The Covid-19 crisis is a critical challenge; however, it also presents a unique window of opportunity for the Moroccan private sector to transform its productive model and boost its competitiveness. Some critical positioning opportunities for Morocco emerge in the current context:
Global value chains: The limits to the “balkanization" trend of global value chains seen in the past, i.e., an increased fragmentation, will need to be reexamined after the crisis. This will require multinational corporations to rewire and localize their value chains to alleviate the impact of future shocks. This provides a unique opportunity for the Moroccan private sector to progress along global value chains. And to position Morocco as a green and sustainable industrial platform connecting Africa and Europe.

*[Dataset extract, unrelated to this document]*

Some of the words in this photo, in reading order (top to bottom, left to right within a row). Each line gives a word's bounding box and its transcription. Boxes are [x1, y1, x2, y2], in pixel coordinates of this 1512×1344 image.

Market contestability: Improving market contestability and competition by reforming public procurement and reviewing custom tariffs are critical steps to level the playing field for performing domestic firms, namely MSMEs, to grow and create jobs.

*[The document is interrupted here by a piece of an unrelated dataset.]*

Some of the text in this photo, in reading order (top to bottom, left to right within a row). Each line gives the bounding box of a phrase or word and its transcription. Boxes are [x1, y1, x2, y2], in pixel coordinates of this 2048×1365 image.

Human capital: Investing in a skilled workforce is key to increasing competitiveness, reduce unemployment, and make much-needed productivity gains to drive private sector growth.
Access to finance: Financing for MSMEs relies mainly on banks. Today, private equity and capital market solutions could be leveraged to enable well-performing companies to raise capital from private and institutional investors, especially in the aftermath of the crisis, when banks have offered large credits to companies to address their pressing need for liquidity.

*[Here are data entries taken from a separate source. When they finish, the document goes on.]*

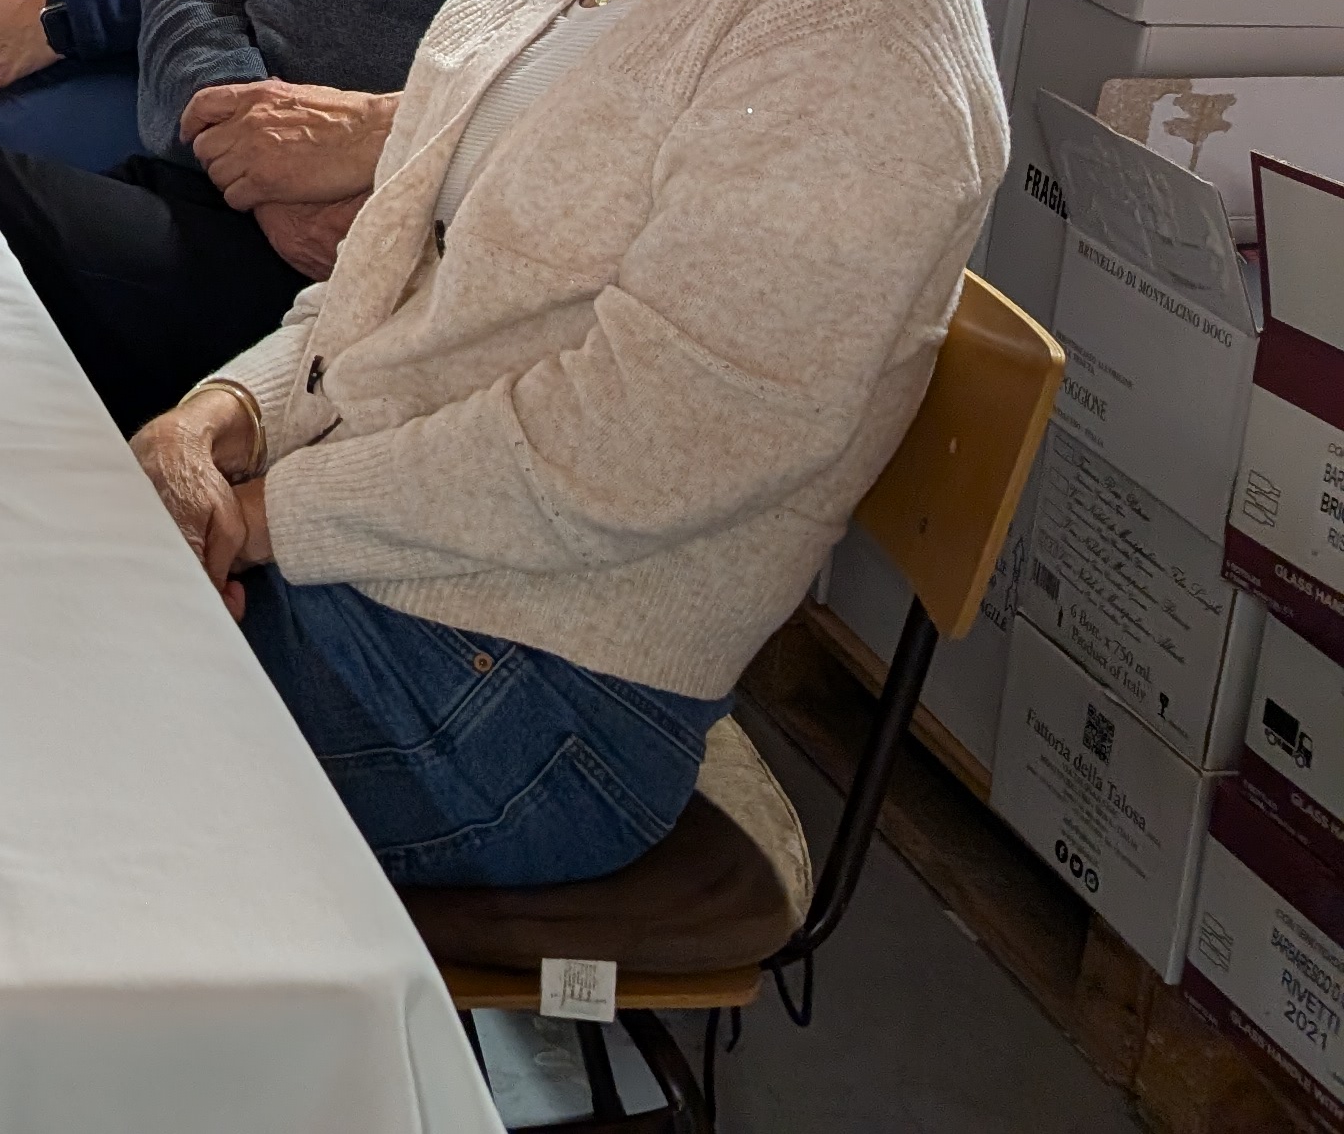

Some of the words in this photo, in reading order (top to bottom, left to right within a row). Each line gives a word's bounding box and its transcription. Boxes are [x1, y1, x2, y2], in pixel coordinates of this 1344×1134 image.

[1078, 240, 1125, 280] BRUNELLO
[1138, 279, 1200, 328] MONTALCINO
[1202, 321, 1233, 348] DOCG
[1026, 707, 1070, 762] Fattoria
[1073, 753, 1103, 792] della
[1106, 780, 1146, 833] Talosa
[1284, 1000, 1329, 1051] 2021
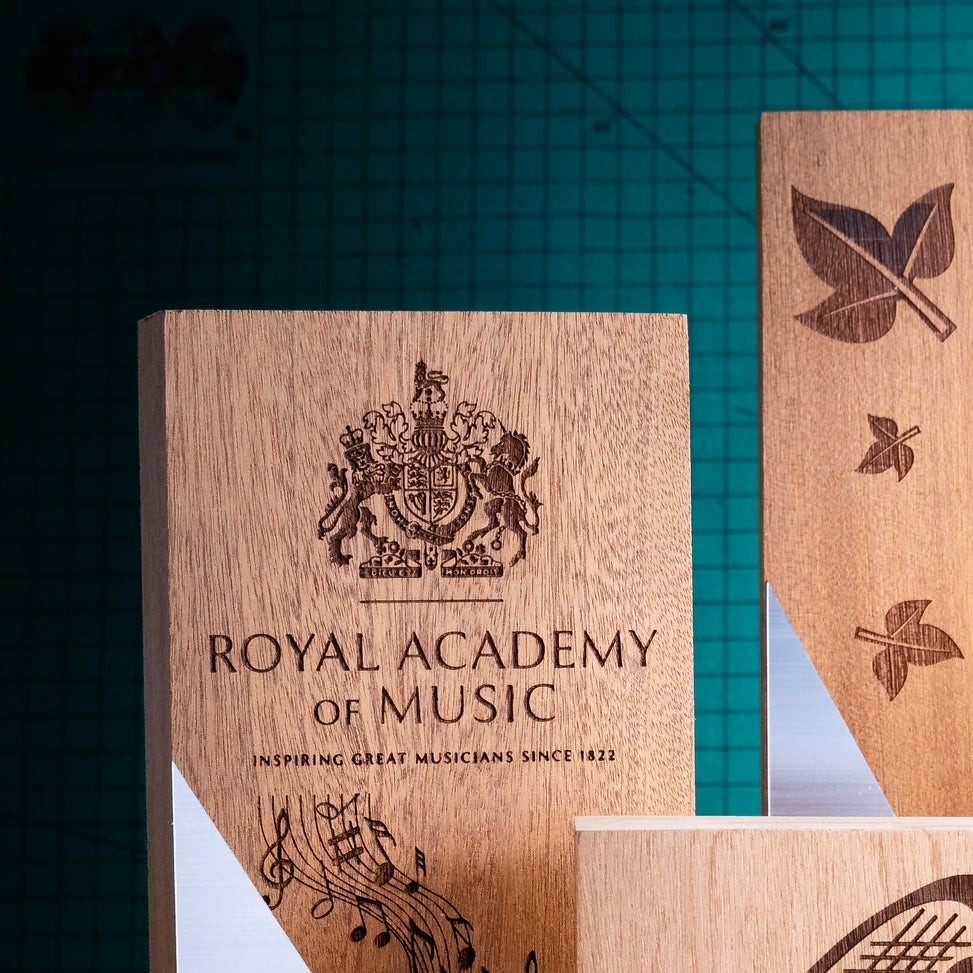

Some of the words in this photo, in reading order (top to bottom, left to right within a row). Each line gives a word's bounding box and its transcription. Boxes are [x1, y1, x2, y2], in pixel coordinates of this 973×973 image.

[208, 633, 380, 675] ROYAL
[399, 629, 658, 671] ACADEMY
[313, 698, 360, 727] OF
[380, 683, 557, 724] MUSIC
[252, 753, 345, 768] INSPIRING
[351, 752, 407, 767] GREAT
[414, 750, 515, 764] MUSICIANS
[521, 749, 573, 762] SINCE
[579, 748, 617, 761] 1822

Integrating the informal economy: It is imperative to ensure a progressive integration of informal enterprises into the formal sector through adequate fiscal measures and a facilitated and less costly access to financing. Effectively reducing informality, though, will require a multi-faceted approach, including structural private sector reforms like those mentioned here, but also a broad and prolonged investment in building human capital in the country. For large parts of the informal sector, especially the many dependent on low productivity jobs, often in self-employment in urban and rural areas alike, improving welfare within the informal sector through financial and digital inclusion as well as basic skill building, will be core for improving their welfare.
Generating value: Strengthening the link between Foreign Direct Investments (FDIs) and the growth of domestic SMEs is essential to generate spillovers beyond the fast-growing flagship sectors (such as automotive and aerospace).
As the country engages in a new phase, crafting a future Morocco with promising pathways for development in a post-Covid era, the country can turn a new page to increase its private sector potential and strategically position the country in productive and high-value industrial chains.